The problem with making this kind of error is that, if an article is repeatedly wrong on things I do know about (see also the HB/Council Tax Benefit conflation), I become distrustful of every assertion it makes about things I'm less well informed on. There might be good points here, but how can I have faith in their factual basis?

Details really matter in this kind of argument. These kinds of human systems are incredibly complex, and while bold solutions are often needed, as they plainly are in the housing crisis, we must remain aware of the nuances of the situation. This essay feels, to me, like polemic spread thin, rather than a real attempt to address the complexities of the issue. That said, I will finish it, but I'm at work at the moment, mainly on account of the fucking housing crisis.
posted by howfar at 3:01 AM on January 5 [4 favorites]

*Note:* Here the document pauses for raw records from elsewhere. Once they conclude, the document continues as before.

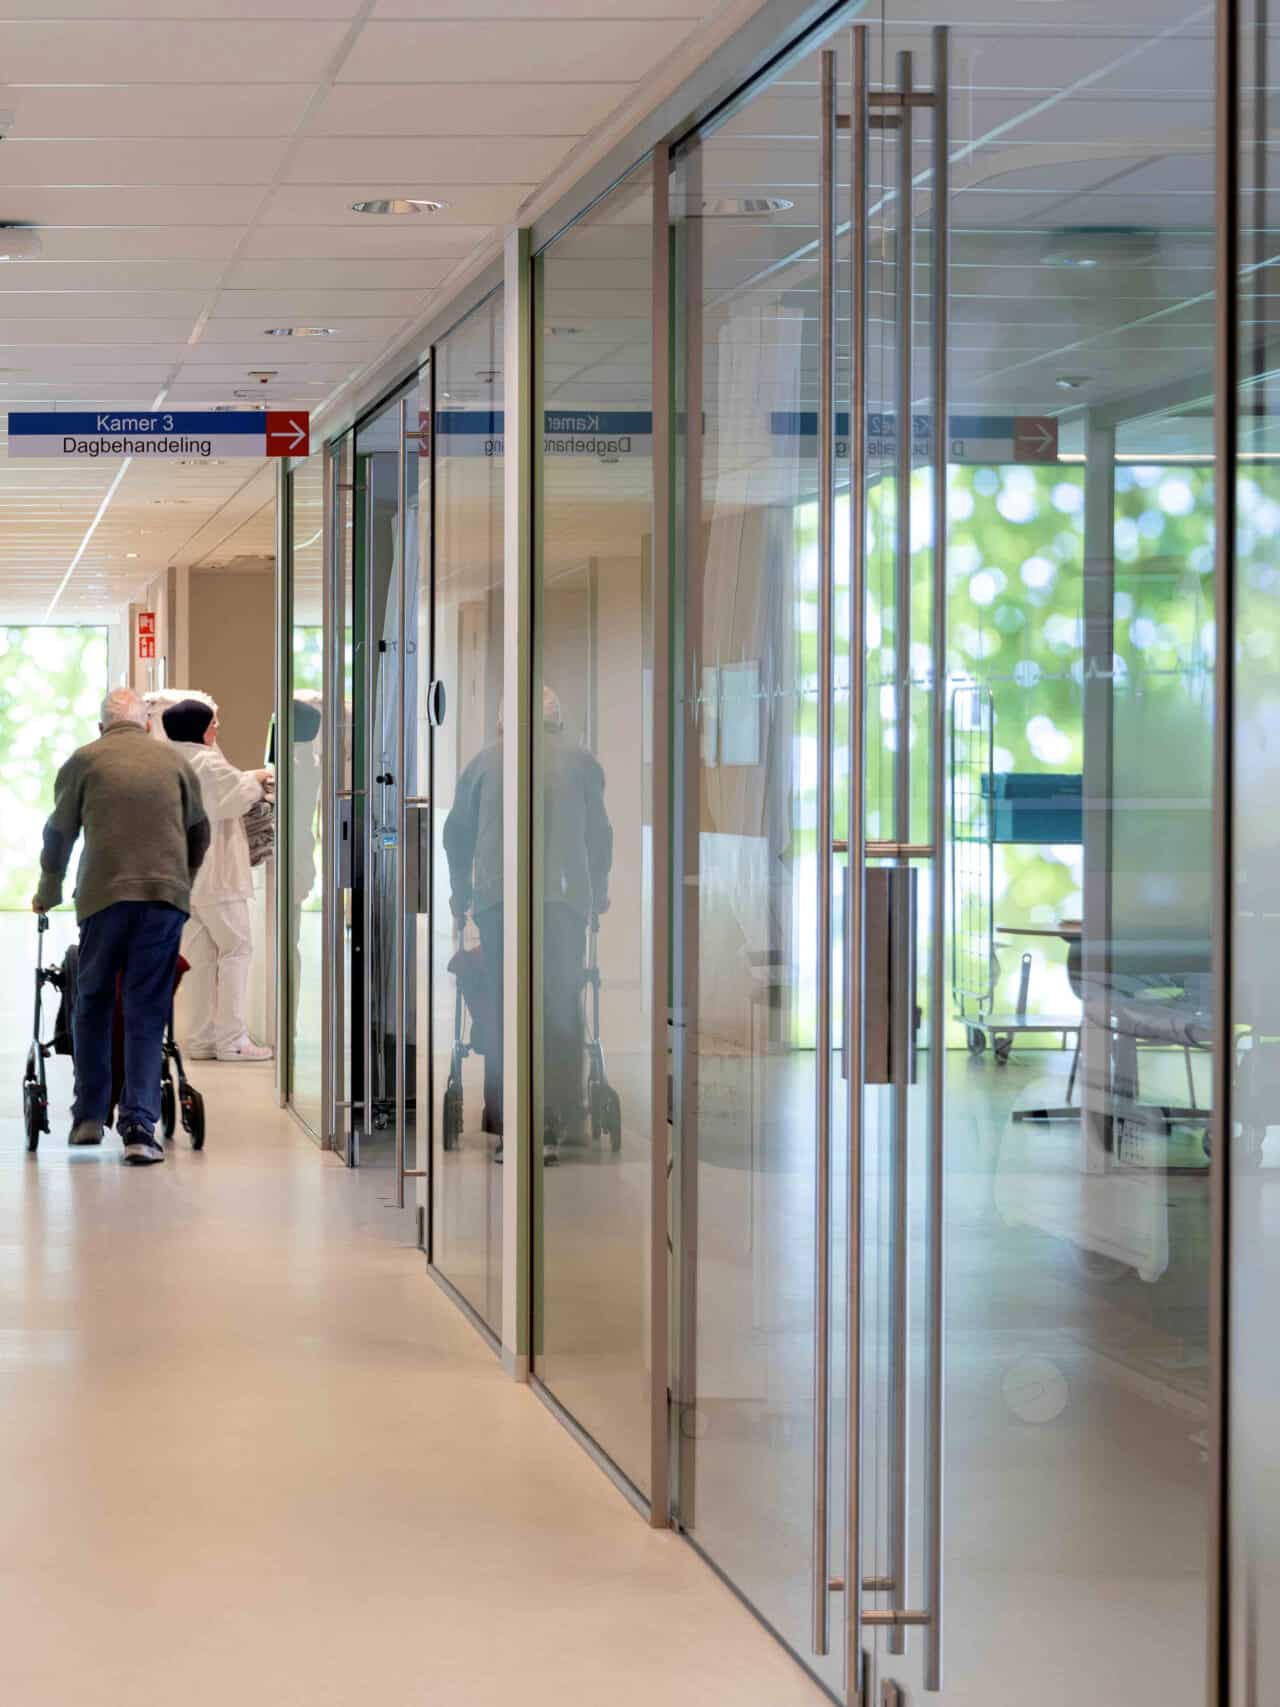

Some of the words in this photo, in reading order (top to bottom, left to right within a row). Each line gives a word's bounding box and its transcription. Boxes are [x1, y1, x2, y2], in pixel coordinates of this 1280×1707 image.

[96, 415, 157, 432] Kamer
[162, 415, 174, 432] 3
[62, 437, 212, 456] Dagbehandeling
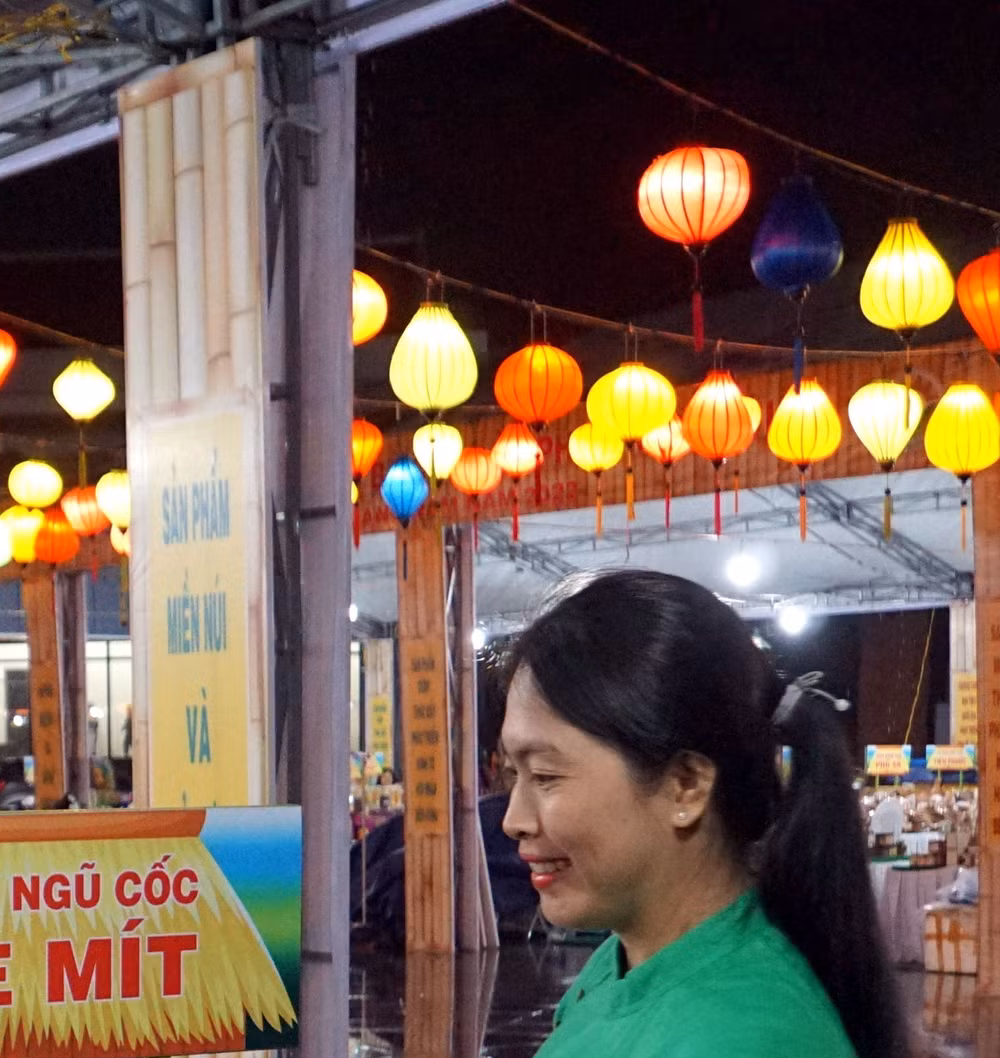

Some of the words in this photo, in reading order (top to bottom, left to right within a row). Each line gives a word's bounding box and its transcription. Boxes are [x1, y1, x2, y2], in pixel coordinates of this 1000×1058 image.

[185, 687, 212, 764] VÀ
[12, 862, 102, 911] NGŨ
[114, 855, 200, 907] CỐC
[46, 918, 199, 1003] MÍT
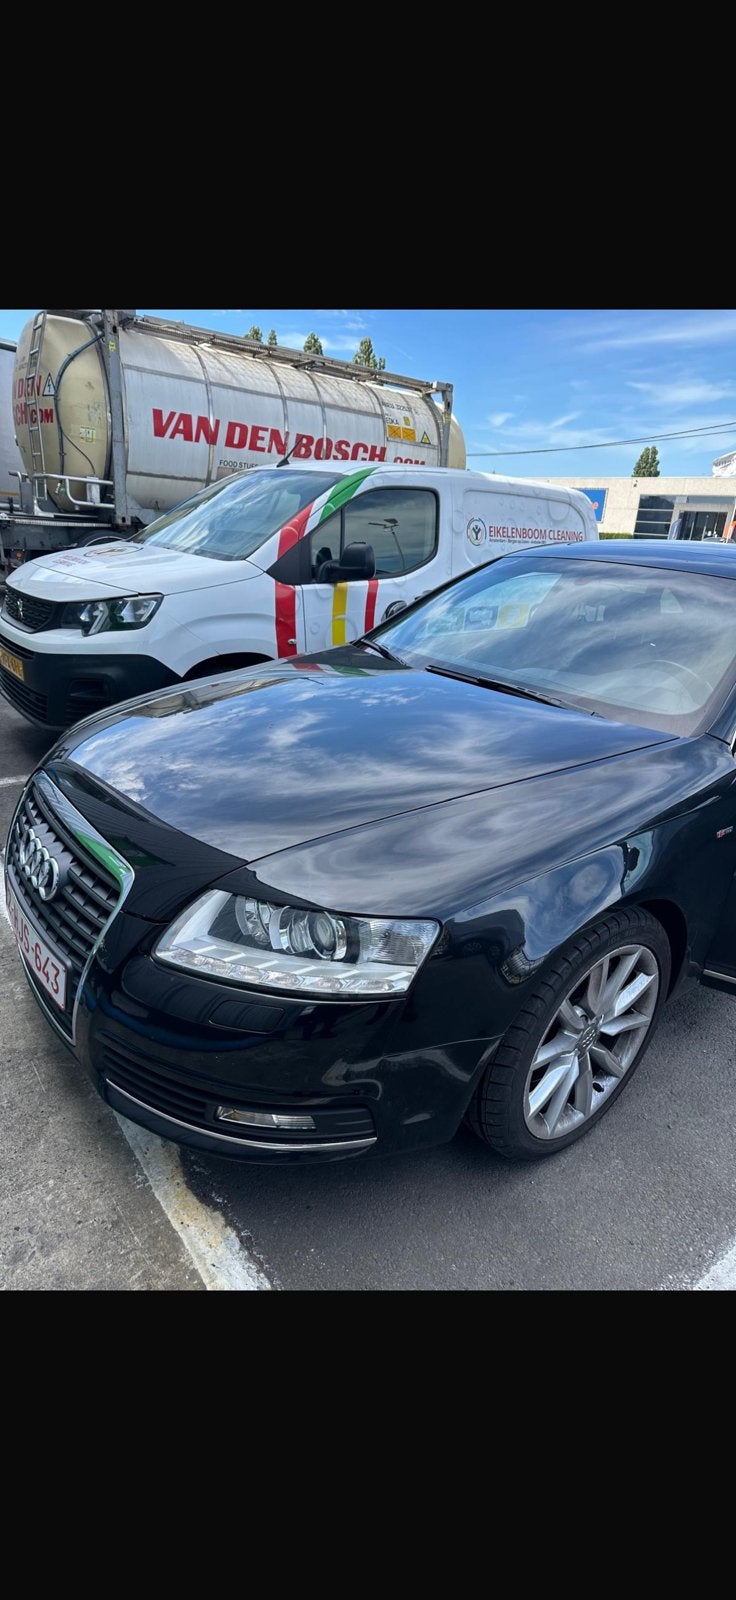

And I bet there's somebody who would lend her £200,000 on a £300,000 mortgage, even with payment deferred for two years (until she gets her pension).

What? Who?
posted by Summer at 4:16 AM on January 5


(surely somebody would lend her £200,000)

What? Who?

Indeed. At present Ms Quinn has almost no income, and that won't improve much when she reaches pensionable age: basic state pension + top-up credit = £145.40 a week, £7,560.80 annually. At the moment, if you're a really creditworthy buyer with a large deposit, you can find banks willing to lend you up to about 5x your pre-tax income. No lender, reputable or otherwise, is likely to offer £200,000 to someone whose income is under £10,000.
posted by ManyLeggedCreature at 7:08 AM on January 5 [2 favorites]


The impression given by the article was that she could buy a £300,000 apartment for £200,000. I didn't realise that the apartment was effectively entailed for five years, as howfar pointed out. Under those circumstances, yes, it would be much harder to find a lender.
posted by Joe in Australia at 3:47 PM on January 5


Arfur!

Scargill used Thatcherite policy in bid to buy London flat
[...] The 76-year-old told the BBC that had he succeeded in buying the flat he would subsequently have transferred its ownership to the union.
He said this would have saved the union a substantial amount of money and provided it with an asset.

However, his application was refused because the flat in the Barbican Estate's Shakespeare Tower was not Mr Scargill's primary residence.

He did not mention in his application that the flat was paid for by the NUM and it was established in the Barbican court case that, from 1991 until 2008, the NUM's national executive committee did not know it was paying for the flat.